GIVEN ENTRIES Start Marker

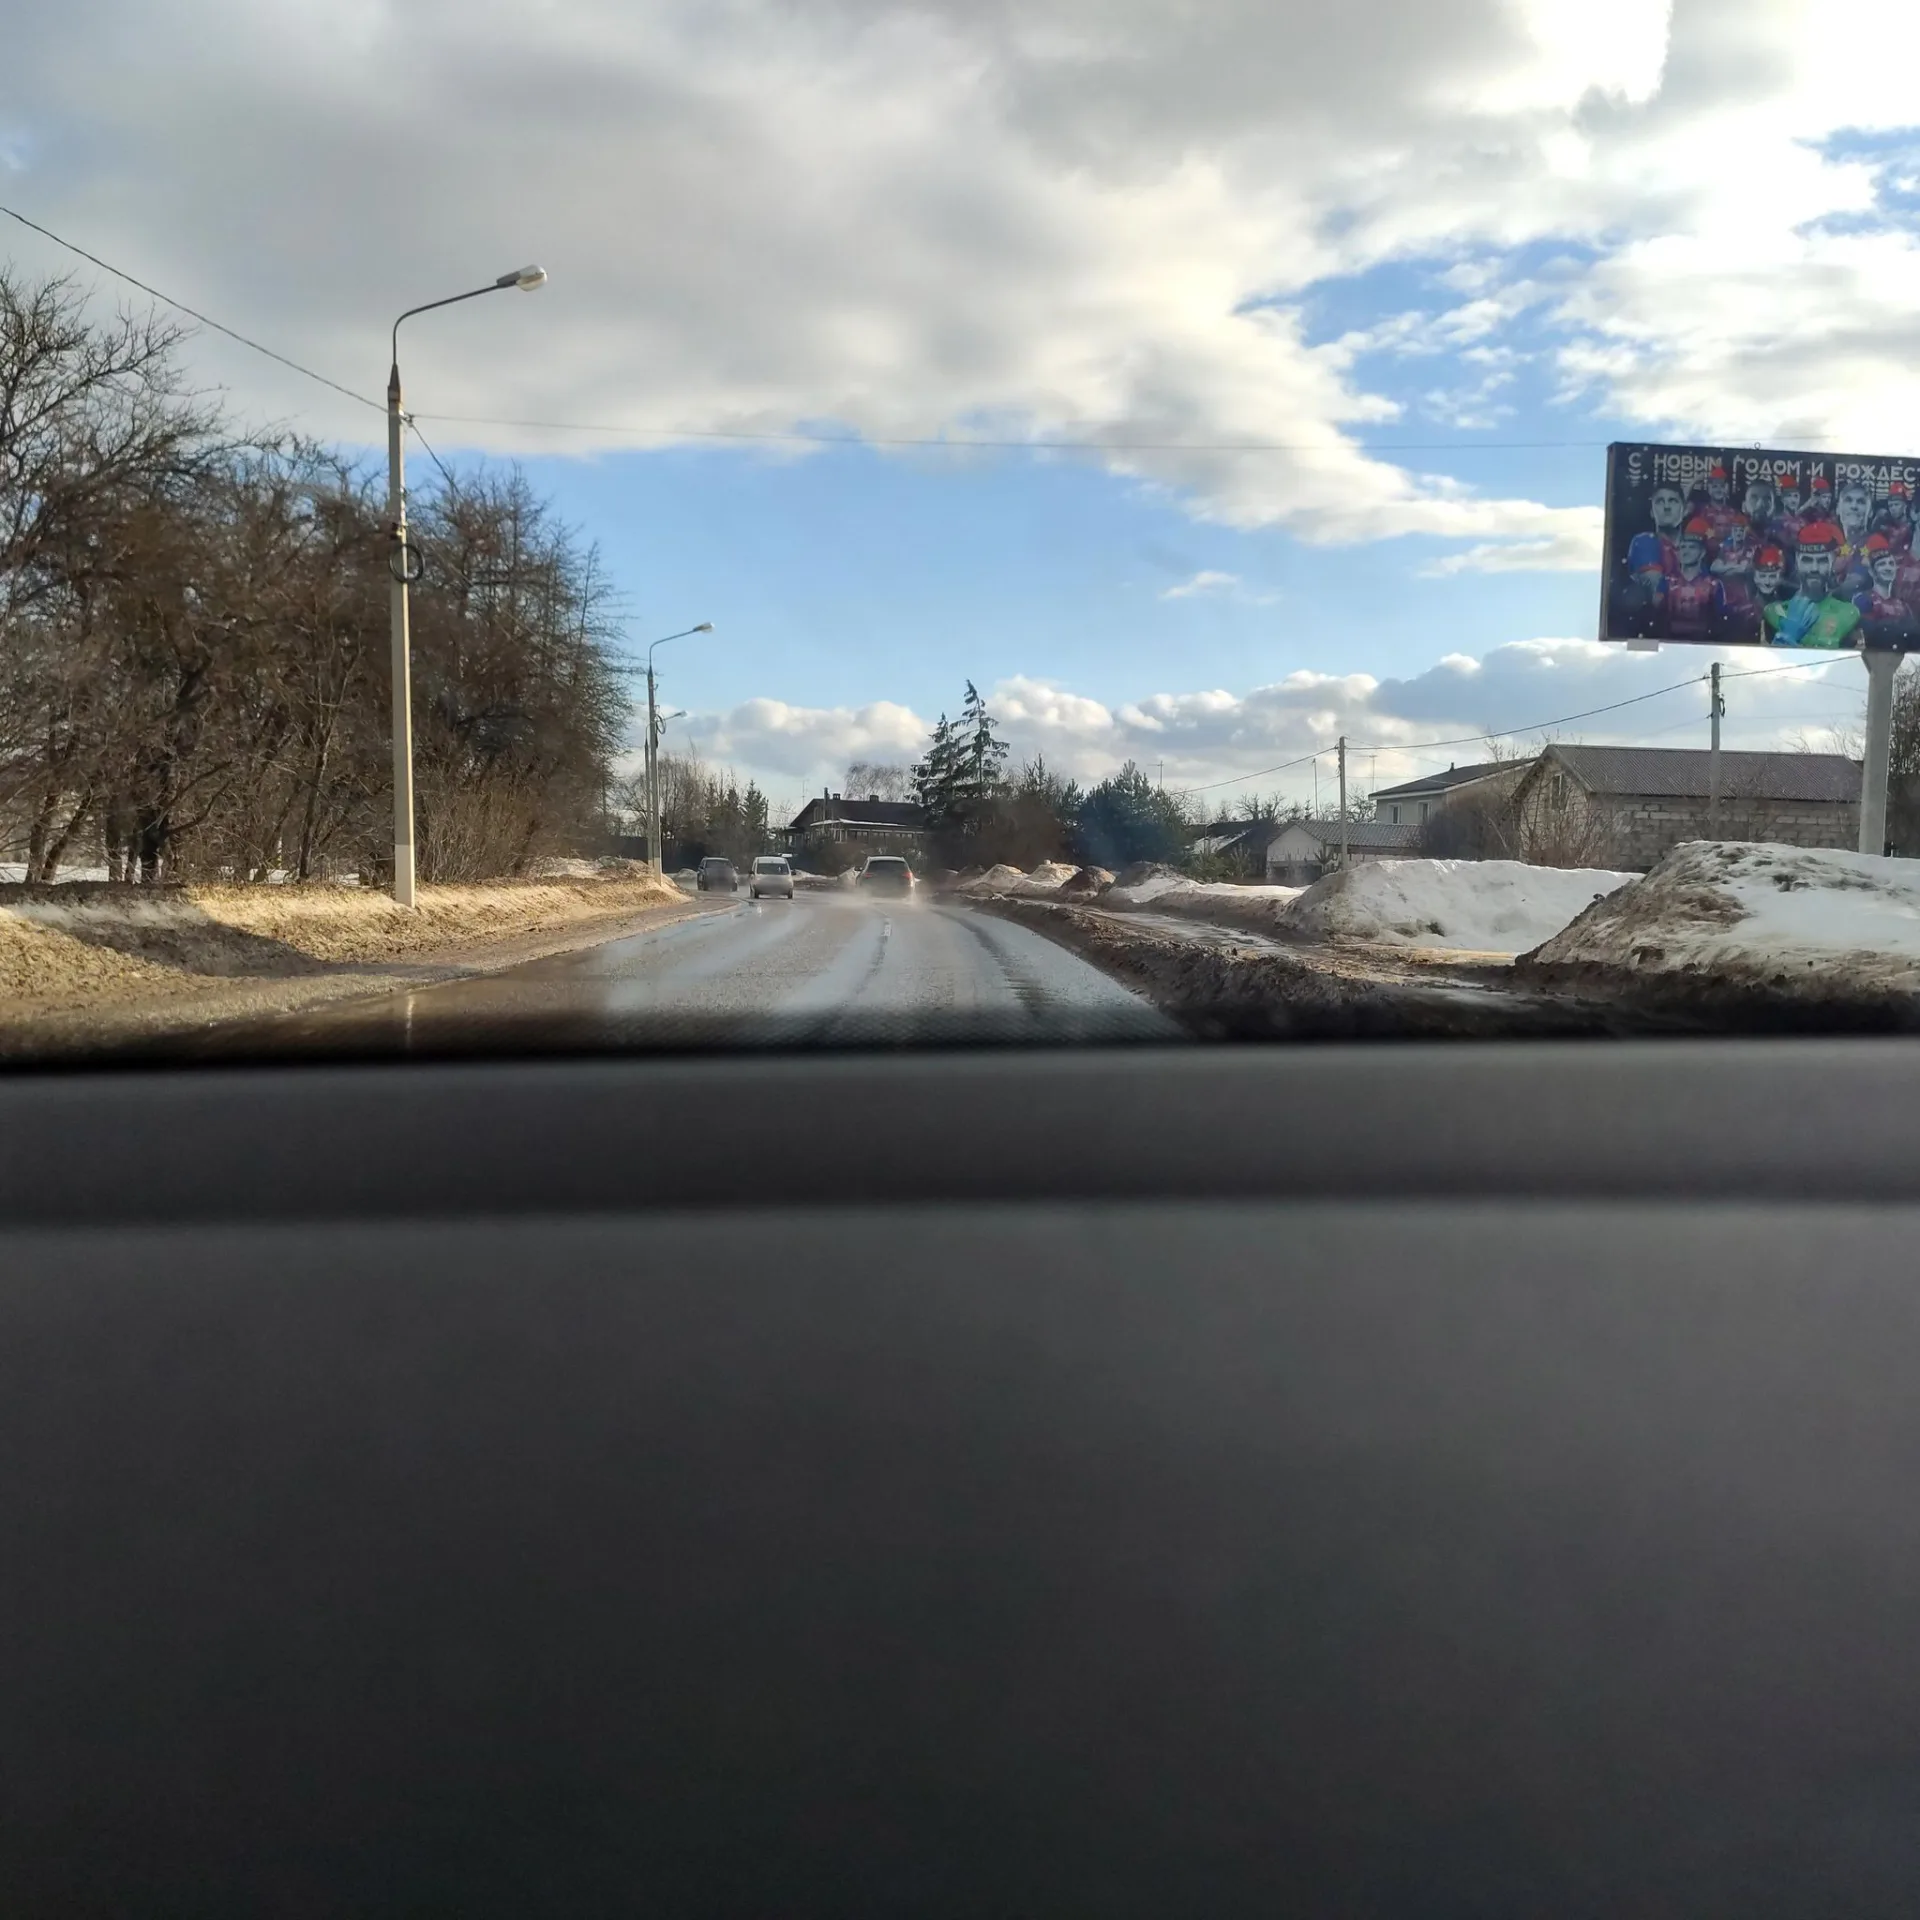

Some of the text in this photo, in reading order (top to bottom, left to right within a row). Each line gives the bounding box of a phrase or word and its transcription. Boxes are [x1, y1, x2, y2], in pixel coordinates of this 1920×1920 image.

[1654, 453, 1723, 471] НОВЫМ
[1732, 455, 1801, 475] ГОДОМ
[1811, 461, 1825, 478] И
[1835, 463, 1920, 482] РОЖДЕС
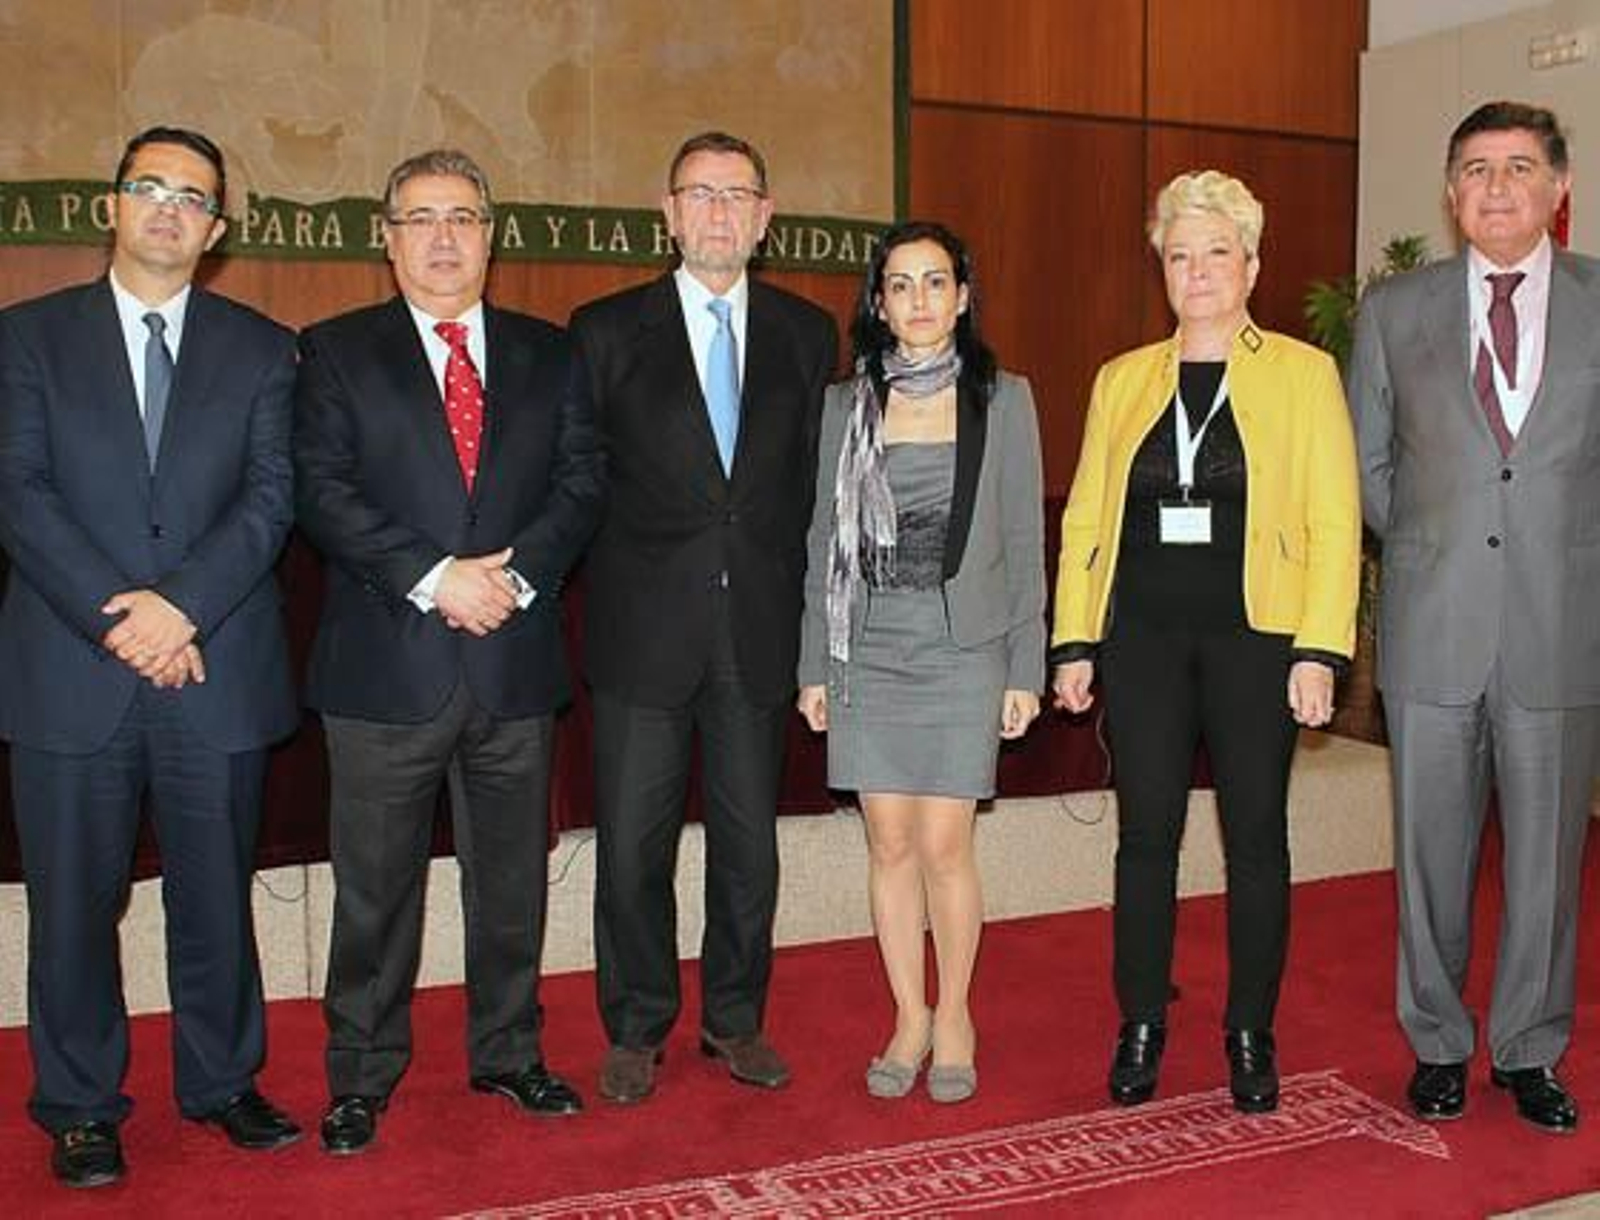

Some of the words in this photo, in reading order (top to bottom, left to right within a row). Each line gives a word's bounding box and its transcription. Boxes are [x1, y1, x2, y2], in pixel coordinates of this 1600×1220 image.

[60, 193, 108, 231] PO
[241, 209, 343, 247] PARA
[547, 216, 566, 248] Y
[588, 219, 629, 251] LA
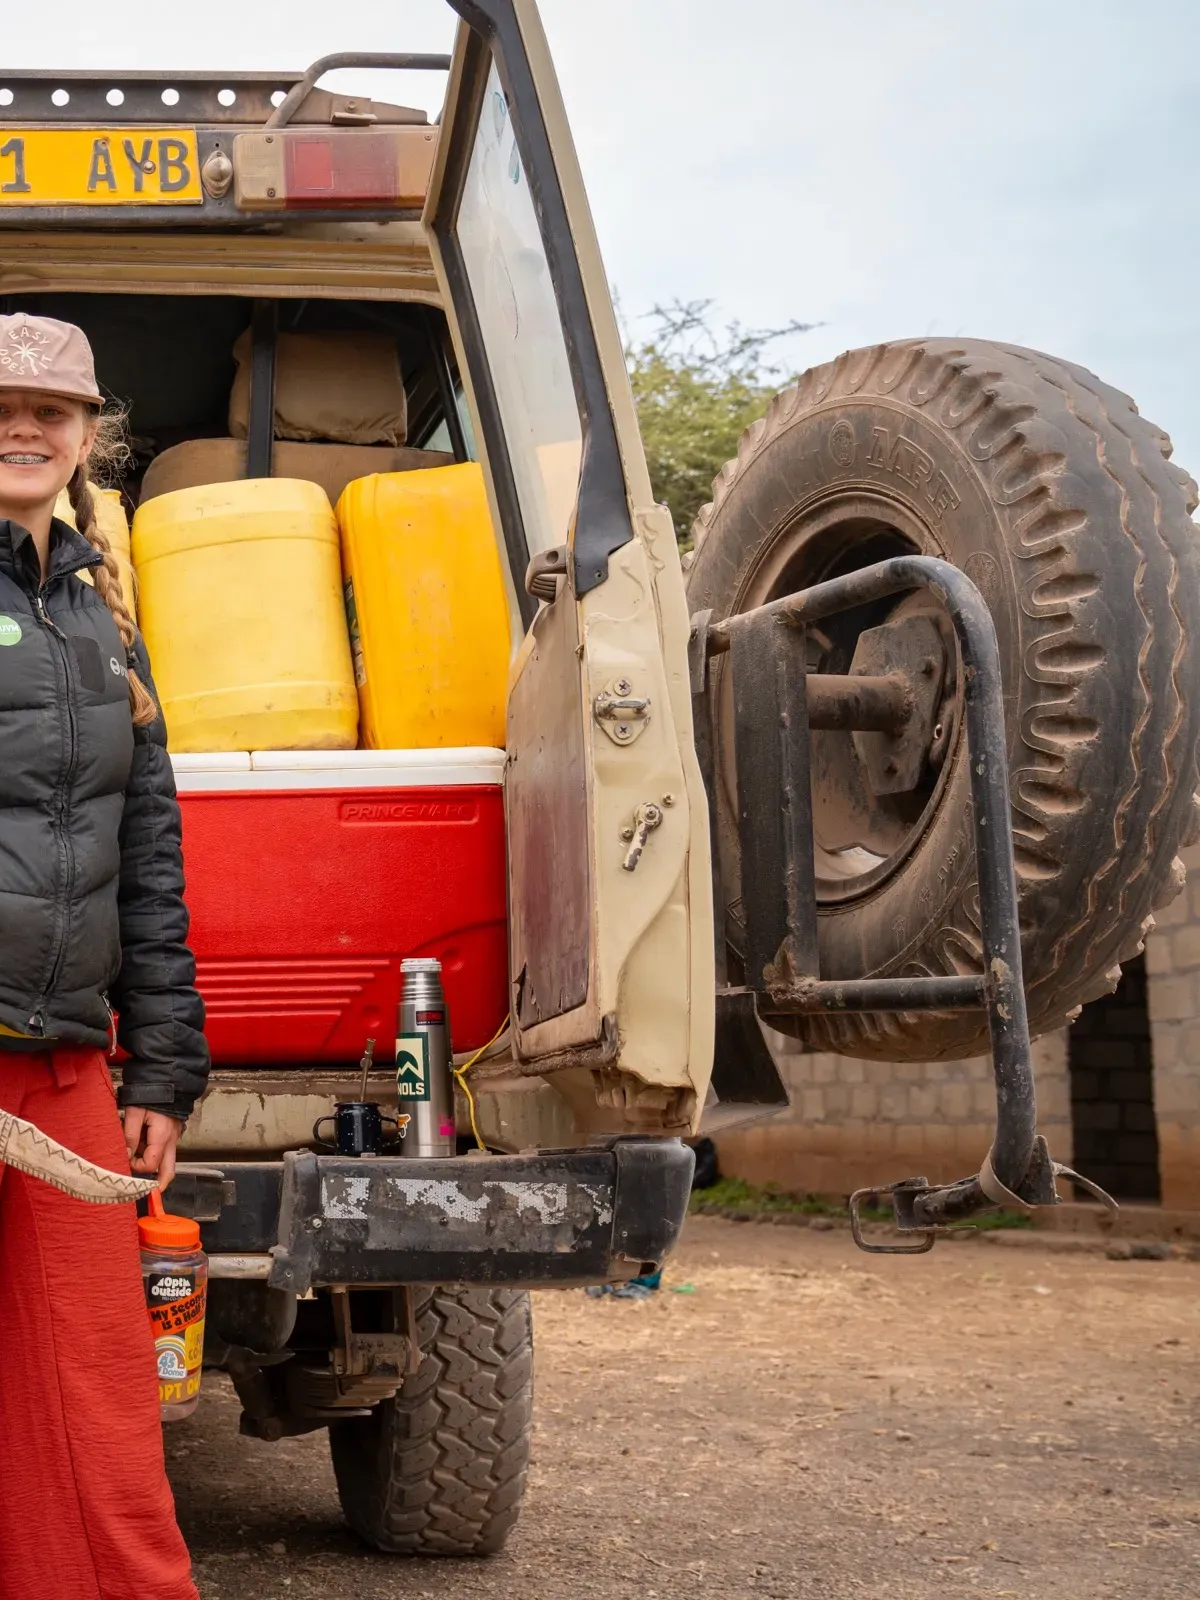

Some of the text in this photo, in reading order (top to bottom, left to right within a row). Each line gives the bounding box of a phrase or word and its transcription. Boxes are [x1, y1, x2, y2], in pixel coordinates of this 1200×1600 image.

GIVEN ENTRIES End Marker

YOUR TASK
Only the pictures stay out; the rest of the entries above must be written out exactly.

RESULT FOR THIS TASK
Some of the text in this photo, in reading order (top to bottom, left to right within a row). Each line gives the bounding box of a phrase or word and its transcription. Boxes are [x1, y1, x2, y2], in pixel coordinates of this 1920×1920 image.

[1654, 453, 1723, 471] НОВЫМ
[1732, 455, 1801, 475] ГОДОМ
[1811, 461, 1825, 478] И
[1835, 463, 1920, 482] РОЖДЕС

Some of the words in this photo, in reading order (top to bottom, left to right within a row). Each line gives a word's bounding box and its transcription. Boxes are [x1, y1, x2, y2], in pixel coordinates of this 1600×1220 image.

[60, 193, 108, 231] PO
[241, 209, 343, 247] PARA
[547, 216, 566, 248] Y
[588, 219, 629, 251] LA

Some of the text in this photo, in reading order (top to bottom, left to right within a row). Each line gives the bounding box of a phrase or word and its transcription. Boxes are [x1, y1, x2, y2], in pixel coordinates of this 1200×1600 image.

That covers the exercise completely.